Problem statement: Could you give back the records exactly, taking out the pictures?

(Stored items from a collection)

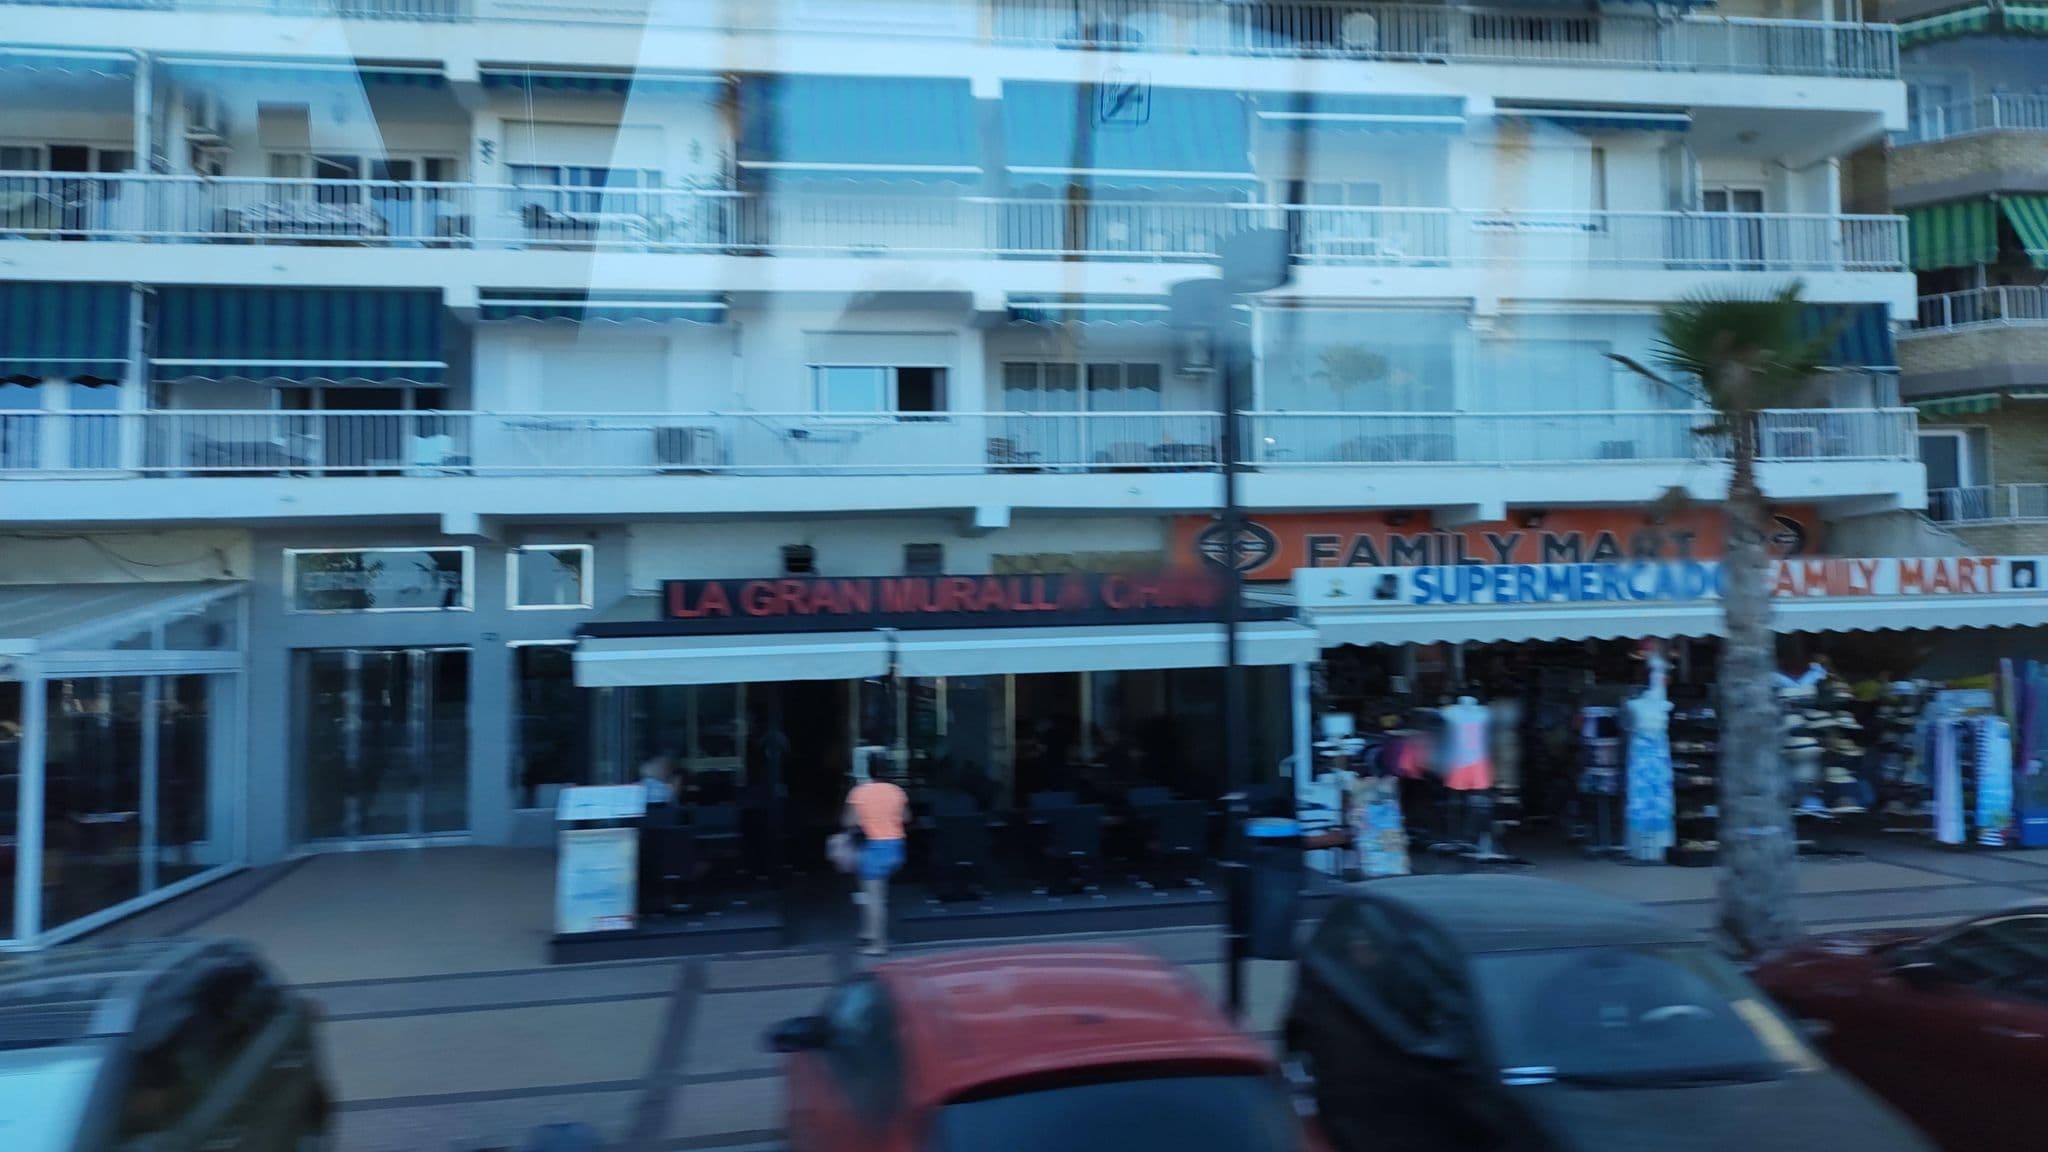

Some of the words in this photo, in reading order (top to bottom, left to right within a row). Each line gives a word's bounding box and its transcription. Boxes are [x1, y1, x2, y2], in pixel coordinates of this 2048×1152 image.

[1308, 532, 1523, 567] FAMILY
[1541, 531, 1698, 563] MART
[672, 581, 731, 618] LA
[744, 579, 872, 616] GRAN
[878, 575, 1089, 613] MURALLA
[1769, 559, 1879, 597] AMILY
[1899, 557, 1999, 594] MART

Answer space:
Some of the words in this photo, in reading order (top to bottom, left to right within a row). Each line gives a word's bounding box and its transcription. Boxes are [x1, y1, x2, y2], in pixel coordinates of this 2048×1152 image.

[1308, 532, 1523, 567] FAMILY
[1541, 531, 1698, 563] MART
[672, 581, 731, 618] LA
[744, 579, 872, 616] GRAN
[878, 575, 1089, 613] MURALLA
[1769, 559, 1879, 597] AMILY
[1899, 557, 1999, 594] MART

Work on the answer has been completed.